The material below has pictures in it. Set down only the lines from the line containing "this 1250×1666 image." through the line containing "this 1920×689 image.", word for word, and leave the pictures behind.
====== Entries supplied ======
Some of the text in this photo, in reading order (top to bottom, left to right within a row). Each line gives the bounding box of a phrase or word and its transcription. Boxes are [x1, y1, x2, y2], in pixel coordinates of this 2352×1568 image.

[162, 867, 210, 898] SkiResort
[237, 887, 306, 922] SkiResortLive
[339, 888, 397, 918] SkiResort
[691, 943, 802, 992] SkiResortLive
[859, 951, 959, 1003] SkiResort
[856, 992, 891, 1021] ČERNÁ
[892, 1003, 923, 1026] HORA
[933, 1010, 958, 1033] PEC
======
====== Entries supplied ======
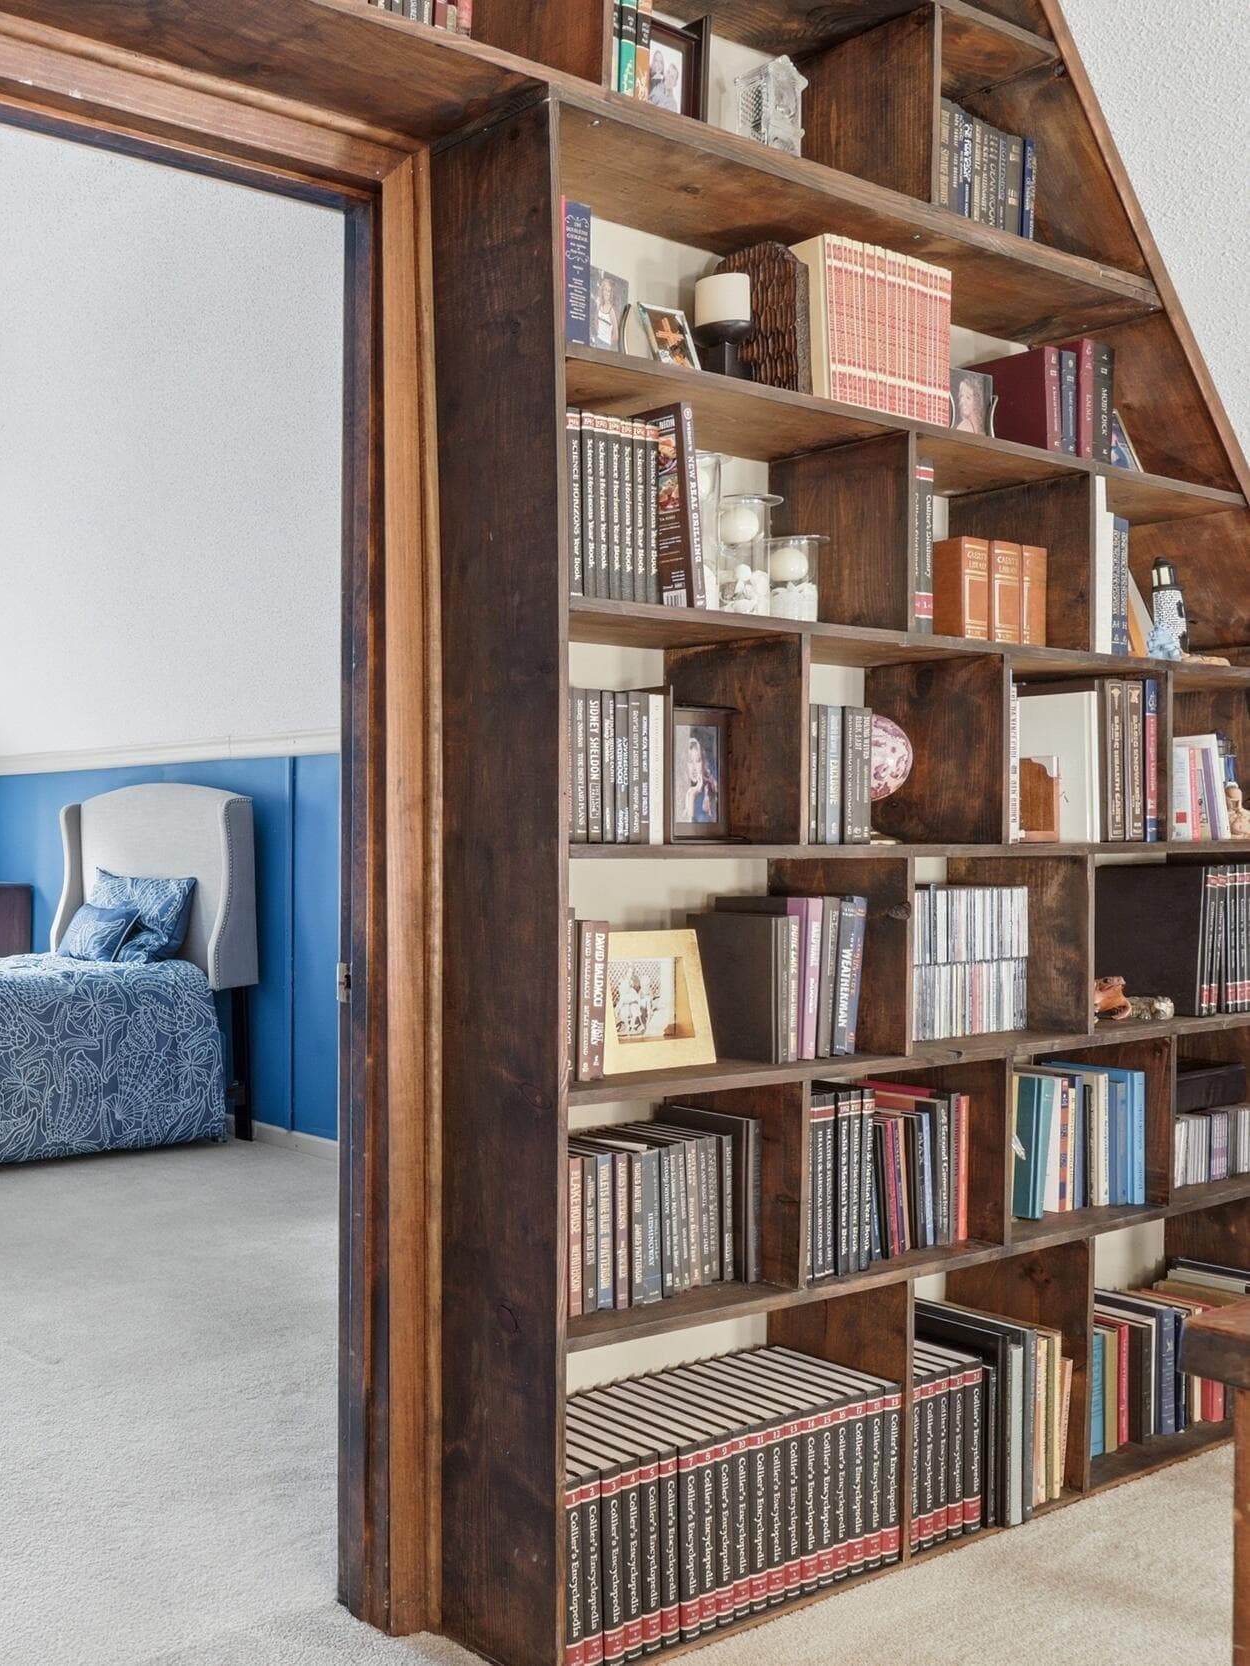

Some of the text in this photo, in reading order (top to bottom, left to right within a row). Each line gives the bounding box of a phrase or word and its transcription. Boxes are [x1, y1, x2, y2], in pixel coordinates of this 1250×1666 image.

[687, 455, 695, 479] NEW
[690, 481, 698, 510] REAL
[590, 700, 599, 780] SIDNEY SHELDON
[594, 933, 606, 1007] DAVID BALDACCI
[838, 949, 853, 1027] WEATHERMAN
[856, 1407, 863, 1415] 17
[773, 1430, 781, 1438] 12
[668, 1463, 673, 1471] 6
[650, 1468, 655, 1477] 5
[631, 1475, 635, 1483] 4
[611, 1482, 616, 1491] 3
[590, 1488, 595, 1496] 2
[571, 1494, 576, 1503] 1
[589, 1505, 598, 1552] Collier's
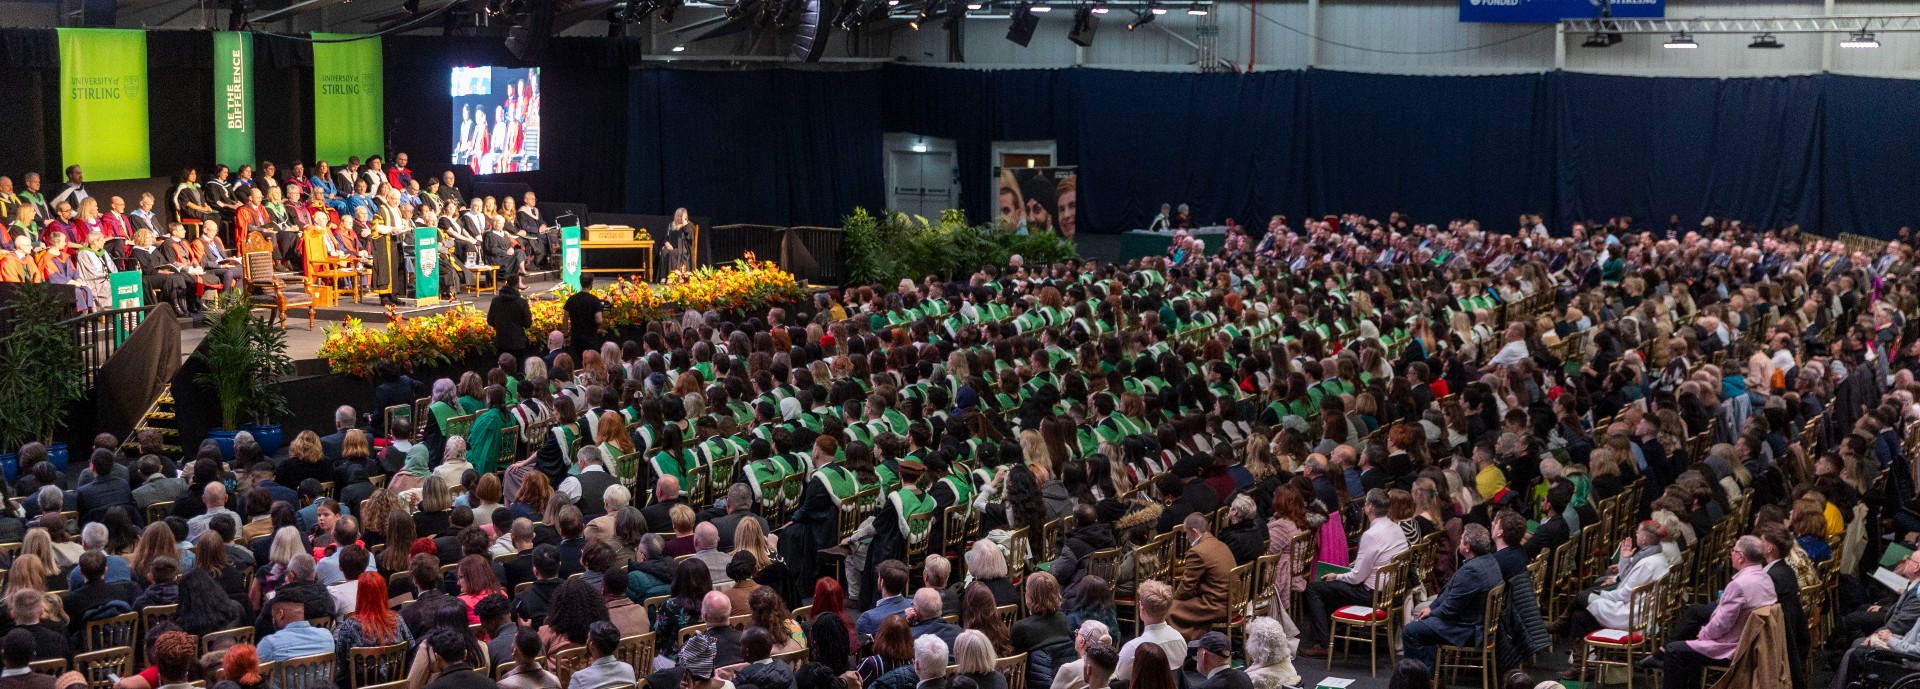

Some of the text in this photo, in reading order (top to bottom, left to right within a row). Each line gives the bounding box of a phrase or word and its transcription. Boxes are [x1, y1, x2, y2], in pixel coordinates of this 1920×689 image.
======
====== Entries supplied ======
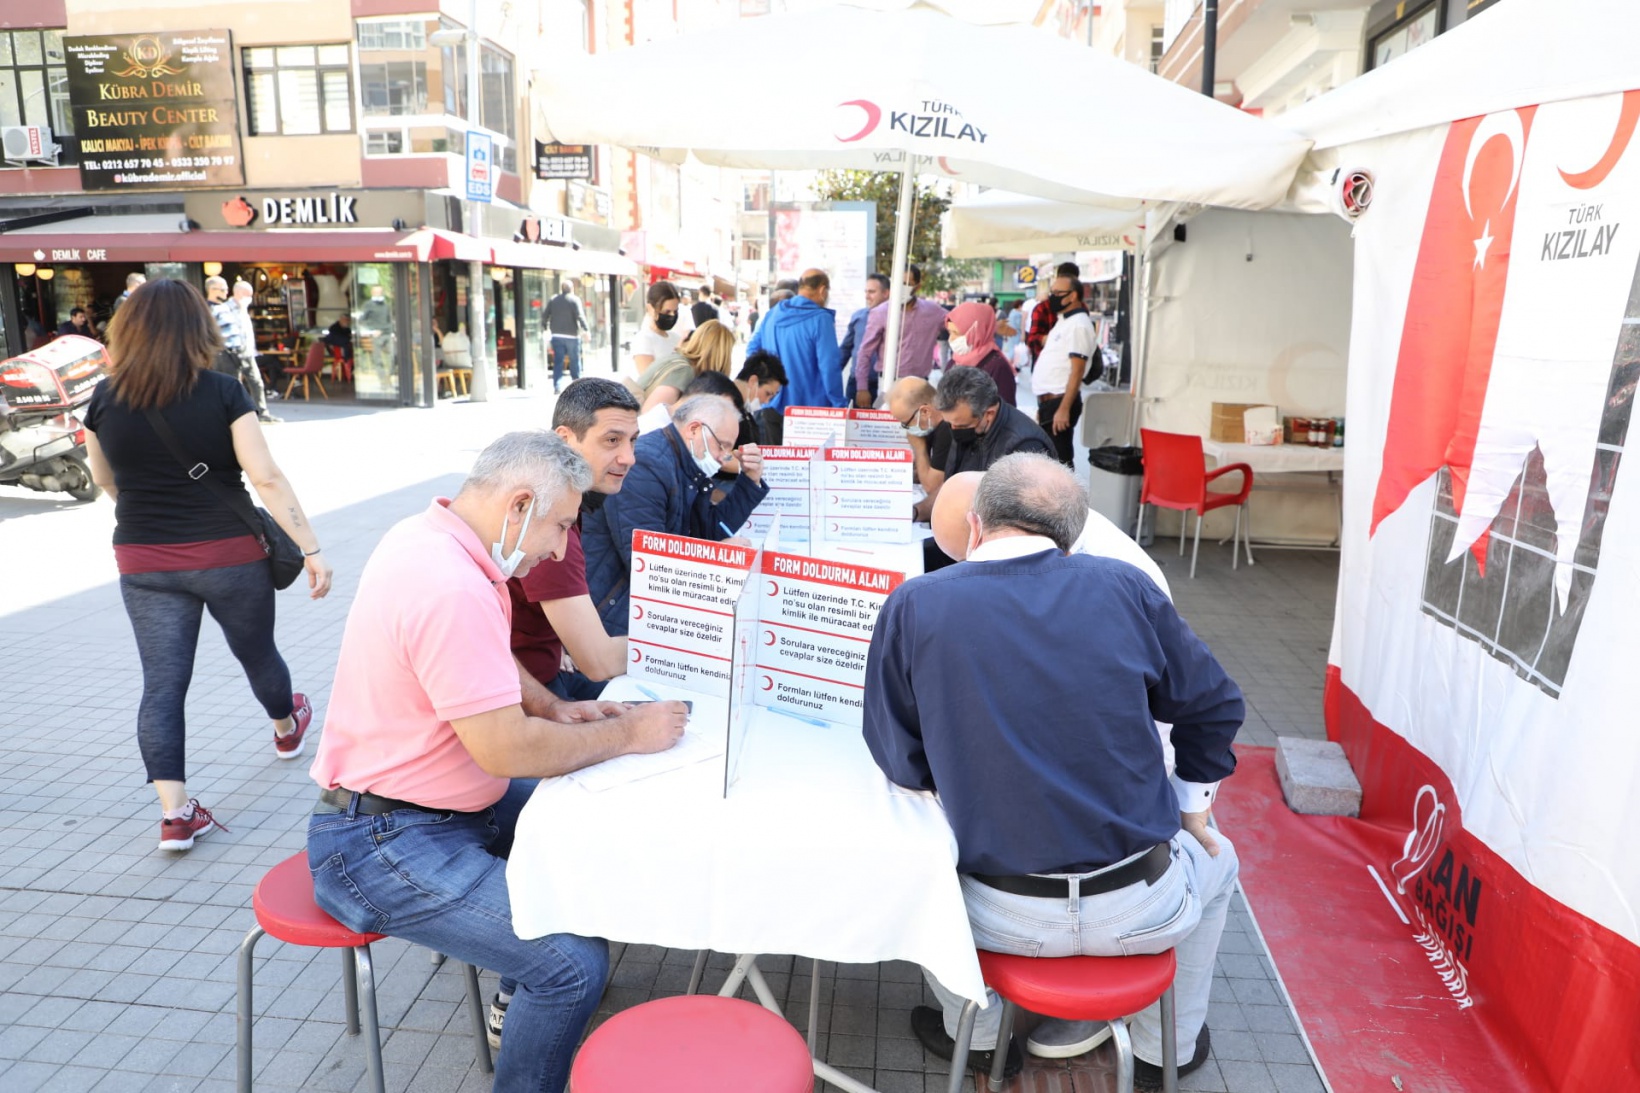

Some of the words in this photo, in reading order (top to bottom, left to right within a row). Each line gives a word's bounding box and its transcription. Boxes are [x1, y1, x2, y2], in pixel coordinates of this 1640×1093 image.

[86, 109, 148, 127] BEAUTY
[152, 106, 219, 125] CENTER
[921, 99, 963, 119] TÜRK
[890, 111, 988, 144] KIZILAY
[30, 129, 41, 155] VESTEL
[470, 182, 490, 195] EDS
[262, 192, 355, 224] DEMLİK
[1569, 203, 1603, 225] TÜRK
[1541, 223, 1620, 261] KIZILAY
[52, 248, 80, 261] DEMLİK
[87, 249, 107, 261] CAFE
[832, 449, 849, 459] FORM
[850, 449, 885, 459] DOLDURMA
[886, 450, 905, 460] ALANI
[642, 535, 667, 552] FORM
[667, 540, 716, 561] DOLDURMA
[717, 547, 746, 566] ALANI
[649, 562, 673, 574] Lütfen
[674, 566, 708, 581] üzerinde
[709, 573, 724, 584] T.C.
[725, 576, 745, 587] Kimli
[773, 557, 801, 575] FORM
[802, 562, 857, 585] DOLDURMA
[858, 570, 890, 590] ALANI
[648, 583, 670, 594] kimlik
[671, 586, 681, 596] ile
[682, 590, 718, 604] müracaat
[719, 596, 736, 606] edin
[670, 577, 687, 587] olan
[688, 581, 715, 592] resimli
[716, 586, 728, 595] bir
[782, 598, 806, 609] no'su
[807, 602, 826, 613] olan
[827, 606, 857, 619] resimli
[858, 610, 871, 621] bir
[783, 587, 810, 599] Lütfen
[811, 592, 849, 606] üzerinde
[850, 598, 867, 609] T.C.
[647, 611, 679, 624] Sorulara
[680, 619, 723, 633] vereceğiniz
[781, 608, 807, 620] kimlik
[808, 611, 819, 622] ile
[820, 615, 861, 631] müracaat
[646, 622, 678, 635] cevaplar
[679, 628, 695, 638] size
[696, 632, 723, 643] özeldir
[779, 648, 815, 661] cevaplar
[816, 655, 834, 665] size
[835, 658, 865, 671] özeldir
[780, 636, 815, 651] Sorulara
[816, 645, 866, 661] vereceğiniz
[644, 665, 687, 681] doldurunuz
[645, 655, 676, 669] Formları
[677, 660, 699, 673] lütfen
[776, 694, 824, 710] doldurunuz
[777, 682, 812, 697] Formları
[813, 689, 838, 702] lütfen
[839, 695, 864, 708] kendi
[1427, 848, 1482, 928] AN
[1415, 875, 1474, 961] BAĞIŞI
======
» Answer to this exercise
Some of the text in this photo, in reading order (top to bottom, left to right within a row). Each line gives the bounding box of a phrase or word and its transcription. Boxes are [x1, y1, x2, y2], in pixel coordinates of this 1250×1666 image.

[687, 455, 695, 479] NEW
[690, 481, 698, 510] REAL
[590, 700, 599, 780] SIDNEY SHELDON
[594, 933, 606, 1007] DAVID BALDACCI
[838, 949, 853, 1027] WEATHERMAN
[856, 1407, 863, 1415] 17
[773, 1430, 781, 1438] 12
[668, 1463, 673, 1471] 6
[650, 1468, 655, 1477] 5
[631, 1475, 635, 1483] 4
[611, 1482, 616, 1491] 3
[590, 1488, 595, 1496] 2
[571, 1494, 576, 1503] 1
[589, 1505, 598, 1552] Collier's

Some of the text in this photo, in reading order (top to bottom, left to right within a row). Each line gives the bounding box of a phrase or word and its transcription. Boxes are [x1, y1, x2, y2], in pixel coordinates of this 1920×689 image.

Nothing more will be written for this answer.